2年以上前2022年03月19日 8:06

NHK Eテレで早朝に放送されている教養バラエティ「シャキーン!」が、今年3月をもって放送終了となる。

パイロット版を経て2008年にレギュラー放送がスタートした「シャキーン!」は、登校前の子供たちが“シャキーン!”と目覚めることを目的に、クイズやゲームなどさまざまなコーナーで構成された15分間のエンタテインメント番組。通好みのアーティストを多数起用した歌のコーナー「シャキーン!ミュージック」をはじめ、意外なミュージシャンが時折登場し、音楽ファンからも熱い注目を浴びている。

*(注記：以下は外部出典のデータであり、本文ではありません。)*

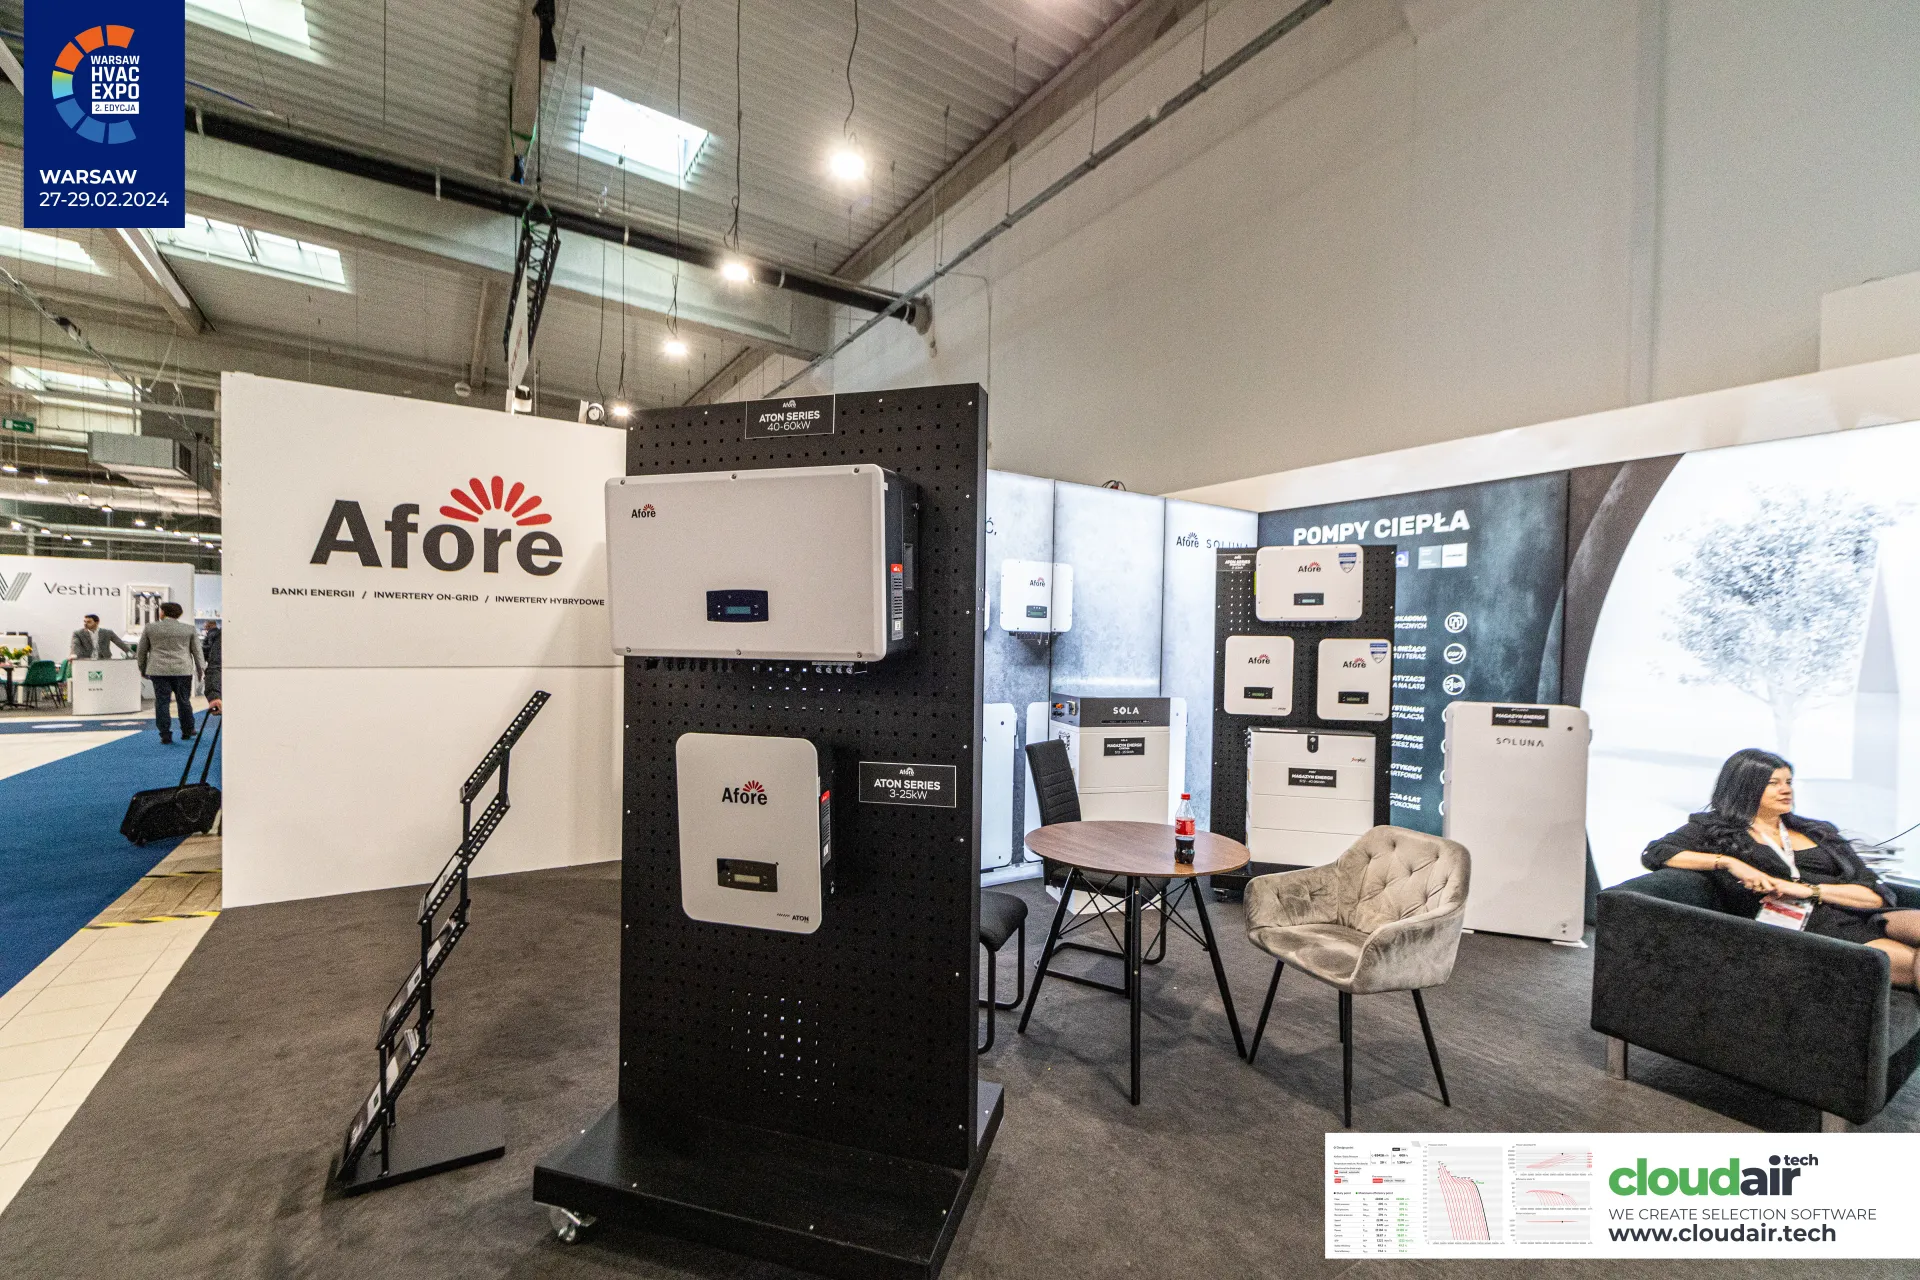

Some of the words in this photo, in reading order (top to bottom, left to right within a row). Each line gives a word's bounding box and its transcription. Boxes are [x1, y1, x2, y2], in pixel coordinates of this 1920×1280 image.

[759, 413, 785, 423] ATON
[786, 410, 820, 420] SERIES
[767, 420, 811, 432] 40-60kW
[631, 508, 656, 518] Afore
[1293, 520, 1371, 546] POMPY
[1373, 509, 1471, 539] CIEPŁA
[310, 499, 563, 577] Afore
[1176, 536, 1200, 548] Afore
[1298, 565, 1322, 573] Afore
[44, 582, 121, 597] Vestima
[1030, 580, 1046, 588] Afore
[271, 587, 308, 596] BANKI
[310, 588, 354, 598] ENERGII
[374, 590, 434, 600] INWERTERY
[436, 592, 479, 602] ON-GRID
[495, 595, 548, 604] INWERTERY
[550, 597, 606, 606] HYBRYDOWE
[1248, 657, 1271, 665] Afore
[1342, 660, 1367, 669] Afore
[1112, 706, 1140, 715] SOLA
[1496, 737, 1544, 748] SOLUNA
[874, 778, 902, 788] ATON
[904, 780, 941, 790] SERIES
[722, 788, 768, 806] Afore
[889, 788, 928, 800] 3-25kW
[792, 914, 810, 922] ATON
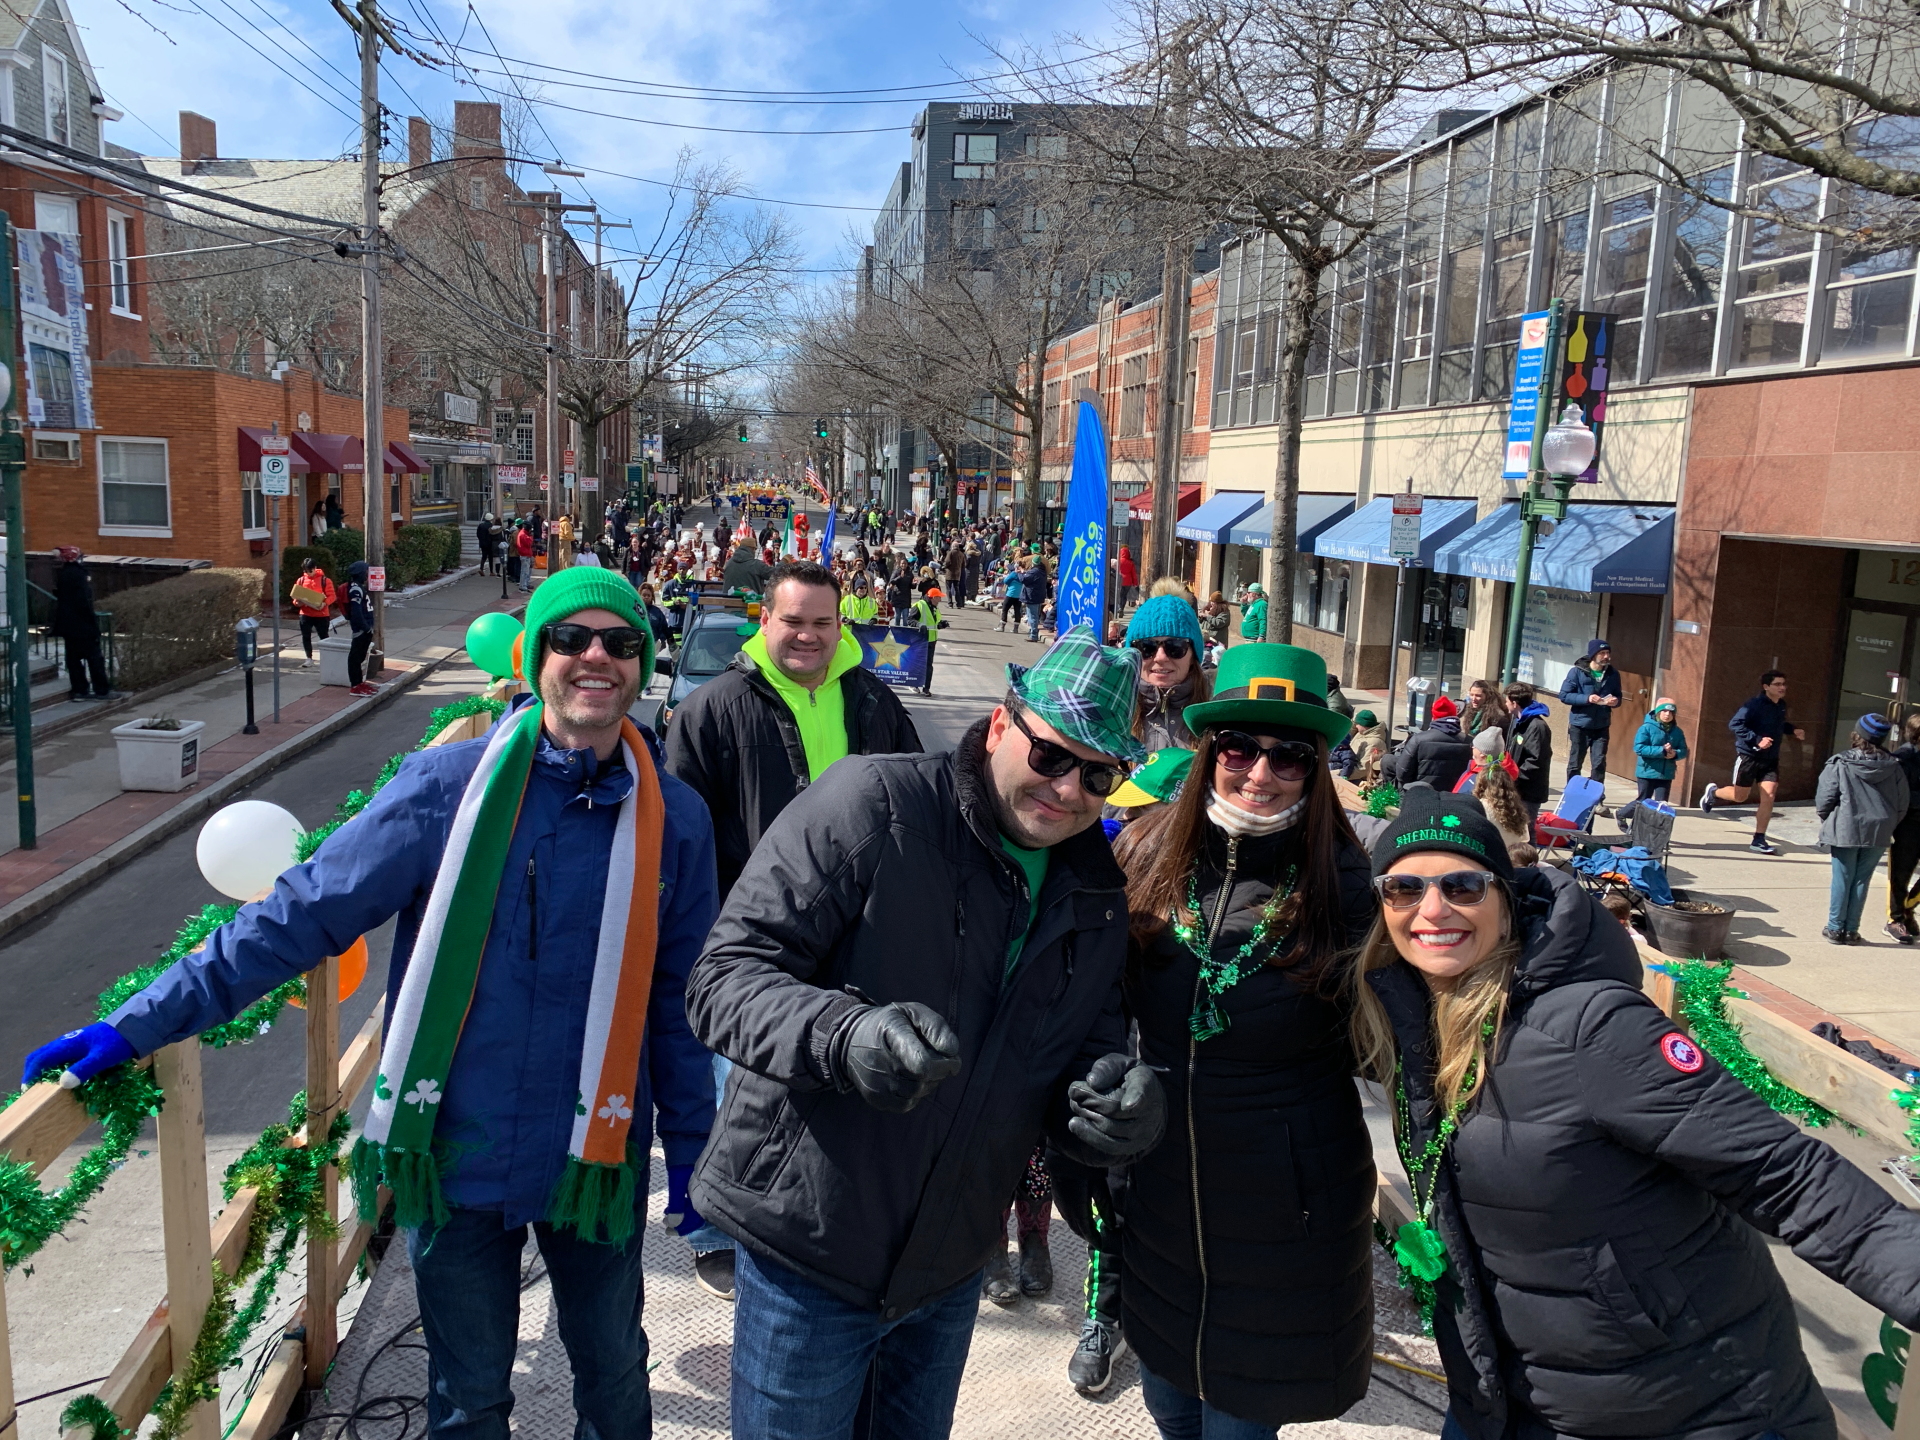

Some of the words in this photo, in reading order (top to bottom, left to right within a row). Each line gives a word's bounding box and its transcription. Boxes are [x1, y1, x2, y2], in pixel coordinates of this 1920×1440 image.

[966, 104, 1013, 119] NOVELLA
[63, 239, 88, 428] www.apartments4yale.com
[1083, 521, 1098, 586] 99.9
[1348, 545, 1370, 559] Medical
[1472, 562, 1488, 574] Walk
[1089, 566, 1101, 608] Best
[1431, 815, 1435, 825] I
[1396, 828, 1486, 856] SHENANIGANS
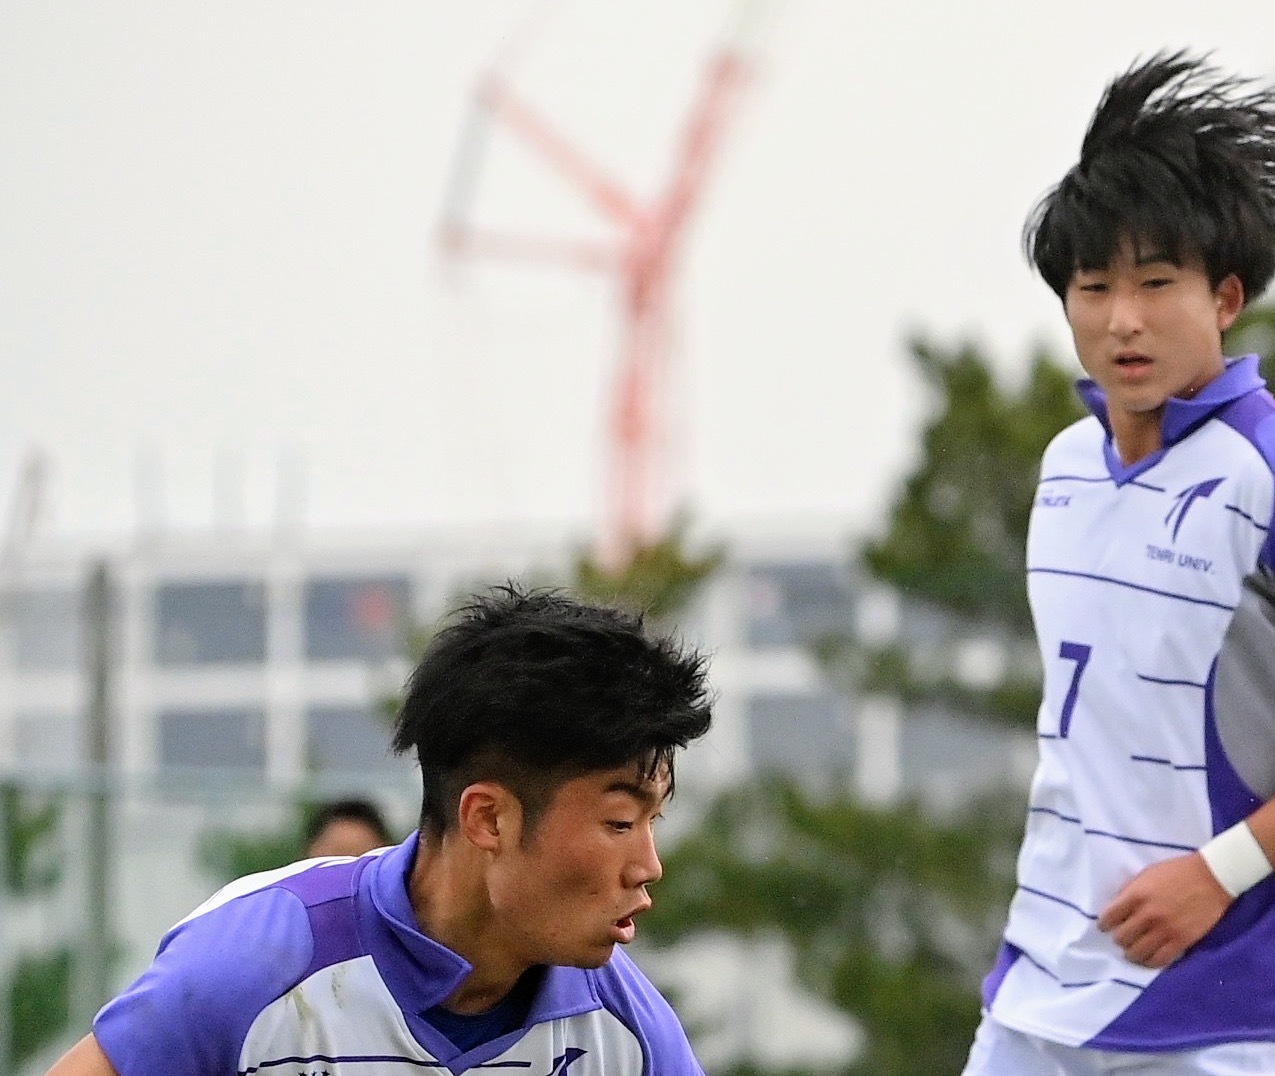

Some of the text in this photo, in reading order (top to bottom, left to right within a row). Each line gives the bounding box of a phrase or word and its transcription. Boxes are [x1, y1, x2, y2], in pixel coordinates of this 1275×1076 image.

[1145, 543, 1215, 575] TENRI UNIV.
[1059, 641, 1092, 739] 7

この記事では放送終了を機に、これまで番組制作に関わった3人のスタッフに、音楽面を軸にした取材を実施。前編ではディレクターの和賀博史氏と、音楽担当のサキタハヂメ氏に、これまでの番組作りの裏側を振り返ってもらった。

取材・文 / 橋本尚平

「音相撲」から「サウンドランナー」まで、増えていく新種目

レギュラー放送開始からの14年間で、100人ではきかないほどのディレクターが制作に関わってきたという「シャキーン!」において、スタート時からずっとディレクターを務めている唯一の人物が和賀氏だ。

もともと日本で映像制作をやっていた和賀氏は、イギリスの文化が好きで「海外で勝負してみたい」と思い渡英するも、就労ビザが取れずに帰国。その後はミュージックビデオやテレビ番組の仕事に関わるが、どれも面白いと思えず長続きしなかったという。仕事に辟易していた氏は、「シャキーン!」の制作会社・ディレクションズから「新しい番組を作るので参加してみないか?」と声をかけられて番組のパイロット版を視聴。それまでに観たどの番組とも違う異質な面白さを感じて、レギュラー放送開始と同時に番組作りに参加することにした。

名物企画の1つとなった「サウンドファイターズ」を手がけていたのも和賀氏だった。

「番組開始2年目くらいから『音相撲』という、スピーカーの上に紙相撲を置いて動かすコーナーをやっていたんです。このときは対戦ではなく、1人のアーティストが横で音を出すシュールな企画でした。子供たちに『音は振動によって発生する』という仕組みをわかってもらうのに、紙相撲に落とし込んだら視覚的にわかりやすくて面白いんじゃないかってアイデアで」

その後、「音を出す喜び、楽器を弾く楽しさを子供たちに感じてもらいたい」というコンセプトを打ち立て、対戦形式にしてゲーム性を高くしたコーナー「音棒倒し」がスタートした。「音棒倒し」はスピーカーの上に棒を立てた砂山を置き、2人のベーシストが交互に演奏して先に棒を倒したほうが勝ち、というもの。このコーナーで使った砂について、和賀氏は「徐々に崩れるように何度も試行錯誤して、川砂と乾燥砂を2:8のオリジナルブレンドにするなどこだわりました」と振り返る。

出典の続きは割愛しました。